Dataset records
^^^^^^^^

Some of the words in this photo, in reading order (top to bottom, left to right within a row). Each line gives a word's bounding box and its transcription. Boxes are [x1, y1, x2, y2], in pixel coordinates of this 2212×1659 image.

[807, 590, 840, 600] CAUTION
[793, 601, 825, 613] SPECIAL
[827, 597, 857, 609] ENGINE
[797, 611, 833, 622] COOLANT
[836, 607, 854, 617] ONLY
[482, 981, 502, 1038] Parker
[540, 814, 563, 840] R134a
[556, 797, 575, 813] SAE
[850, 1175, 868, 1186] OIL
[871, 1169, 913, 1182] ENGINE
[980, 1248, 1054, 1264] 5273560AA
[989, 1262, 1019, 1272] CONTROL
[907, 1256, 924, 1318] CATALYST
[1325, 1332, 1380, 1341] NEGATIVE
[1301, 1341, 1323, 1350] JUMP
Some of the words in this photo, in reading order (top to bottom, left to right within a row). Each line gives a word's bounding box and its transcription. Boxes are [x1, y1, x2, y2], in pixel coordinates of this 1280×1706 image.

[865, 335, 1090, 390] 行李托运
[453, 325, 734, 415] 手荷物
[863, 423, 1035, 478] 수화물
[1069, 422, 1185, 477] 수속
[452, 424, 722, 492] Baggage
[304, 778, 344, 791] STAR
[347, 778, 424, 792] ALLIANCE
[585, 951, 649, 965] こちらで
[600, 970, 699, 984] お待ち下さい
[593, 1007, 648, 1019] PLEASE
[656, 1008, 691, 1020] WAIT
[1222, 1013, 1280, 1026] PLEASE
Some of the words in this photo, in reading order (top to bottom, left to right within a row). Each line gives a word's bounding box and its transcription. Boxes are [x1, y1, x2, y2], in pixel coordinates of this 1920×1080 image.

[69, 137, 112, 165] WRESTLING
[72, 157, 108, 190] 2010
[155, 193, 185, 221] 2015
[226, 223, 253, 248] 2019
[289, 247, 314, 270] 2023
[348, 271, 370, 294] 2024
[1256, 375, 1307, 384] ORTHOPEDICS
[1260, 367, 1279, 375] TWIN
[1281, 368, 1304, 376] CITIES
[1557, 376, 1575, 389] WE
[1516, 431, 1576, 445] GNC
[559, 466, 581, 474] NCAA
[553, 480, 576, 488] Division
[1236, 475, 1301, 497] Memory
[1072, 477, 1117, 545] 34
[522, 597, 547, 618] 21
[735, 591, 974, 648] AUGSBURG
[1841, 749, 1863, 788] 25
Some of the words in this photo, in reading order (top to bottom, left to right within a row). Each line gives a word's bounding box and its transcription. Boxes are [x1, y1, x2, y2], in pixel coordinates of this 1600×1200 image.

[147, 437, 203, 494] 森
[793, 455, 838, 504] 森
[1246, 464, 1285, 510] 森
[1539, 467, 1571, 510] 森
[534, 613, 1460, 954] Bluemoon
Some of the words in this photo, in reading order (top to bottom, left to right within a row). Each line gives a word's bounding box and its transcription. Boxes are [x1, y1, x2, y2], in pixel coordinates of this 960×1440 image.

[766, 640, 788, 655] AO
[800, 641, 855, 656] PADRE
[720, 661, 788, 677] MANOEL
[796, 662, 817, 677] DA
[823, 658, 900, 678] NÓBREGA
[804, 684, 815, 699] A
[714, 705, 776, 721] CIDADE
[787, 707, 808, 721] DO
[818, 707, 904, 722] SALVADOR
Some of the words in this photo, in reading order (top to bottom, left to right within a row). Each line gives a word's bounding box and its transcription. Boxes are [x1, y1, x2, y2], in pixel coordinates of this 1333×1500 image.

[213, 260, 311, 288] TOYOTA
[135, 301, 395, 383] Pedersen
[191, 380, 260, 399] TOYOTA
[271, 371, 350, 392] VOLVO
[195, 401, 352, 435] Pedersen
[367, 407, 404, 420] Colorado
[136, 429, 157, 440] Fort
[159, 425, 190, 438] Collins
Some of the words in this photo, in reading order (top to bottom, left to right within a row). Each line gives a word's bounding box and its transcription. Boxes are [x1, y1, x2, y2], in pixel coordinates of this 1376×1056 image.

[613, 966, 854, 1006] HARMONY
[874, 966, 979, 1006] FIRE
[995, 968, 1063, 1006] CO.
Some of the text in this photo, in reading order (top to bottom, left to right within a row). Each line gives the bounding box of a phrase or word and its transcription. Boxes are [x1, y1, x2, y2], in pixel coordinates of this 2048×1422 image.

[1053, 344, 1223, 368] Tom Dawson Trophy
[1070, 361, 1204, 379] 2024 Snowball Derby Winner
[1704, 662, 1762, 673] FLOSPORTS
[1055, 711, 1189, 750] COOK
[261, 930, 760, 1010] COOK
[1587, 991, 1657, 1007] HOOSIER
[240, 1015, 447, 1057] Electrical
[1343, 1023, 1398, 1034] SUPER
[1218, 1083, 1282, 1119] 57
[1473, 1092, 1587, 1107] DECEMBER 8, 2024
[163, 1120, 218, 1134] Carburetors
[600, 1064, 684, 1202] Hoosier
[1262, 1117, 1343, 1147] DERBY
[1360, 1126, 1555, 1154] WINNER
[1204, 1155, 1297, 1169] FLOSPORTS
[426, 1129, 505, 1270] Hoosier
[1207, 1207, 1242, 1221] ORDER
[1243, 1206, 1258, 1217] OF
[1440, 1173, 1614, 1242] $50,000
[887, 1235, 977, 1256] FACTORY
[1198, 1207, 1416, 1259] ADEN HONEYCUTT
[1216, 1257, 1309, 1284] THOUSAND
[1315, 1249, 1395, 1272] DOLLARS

^^^^^^^^

WHAT NEEDS TO BE DONE - Starting at the line that contains "Some of the text", transcribe every line through the last line of the entries above, exactly, and nothing else.

ANSWER SECTION -
Some of the text in this photo, in reading order (top to bottom, left to right within a row). Each line gives the bounding box of a phrase or word and its transcription. Boxes are [x1, y1, x2, y2], in pixel coordinates of this 2048×1422 image.

[1053, 344, 1223, 368] Tom Dawson Trophy
[1070, 361, 1204, 379] 2024 Snowball Derby Winner
[1704, 662, 1762, 673] FLOSPORTS
[1055, 711, 1189, 750] COOK
[261, 930, 760, 1010] COOK
[1587, 991, 1657, 1007] HOOSIER
[240, 1015, 447, 1057] Electrical
[1343, 1023, 1398, 1034] SUPER
[1218, 1083, 1282, 1119] 57
[1473, 1092, 1587, 1107] DECEMBER 8, 2024
[163, 1120, 218, 1134] Carburetors
[600, 1064, 684, 1202] Hoosier
[1262, 1117, 1343, 1147] DERBY
[1360, 1126, 1555, 1154] WINNER
[1204, 1155, 1297, 1169] FLOSPORTS
[426, 1129, 505, 1270] Hoosier
[1207, 1207, 1242, 1221] ORDER
[1243, 1206, 1258, 1217] OF
[1440, 1173, 1614, 1242] $50,000
[887, 1235, 977, 1256] FACTORY
[1198, 1207, 1416, 1259] ADEN HONEYCUTT
[1216, 1257, 1309, 1284] THOUSAND
[1315, 1249, 1395, 1272] DOLLARS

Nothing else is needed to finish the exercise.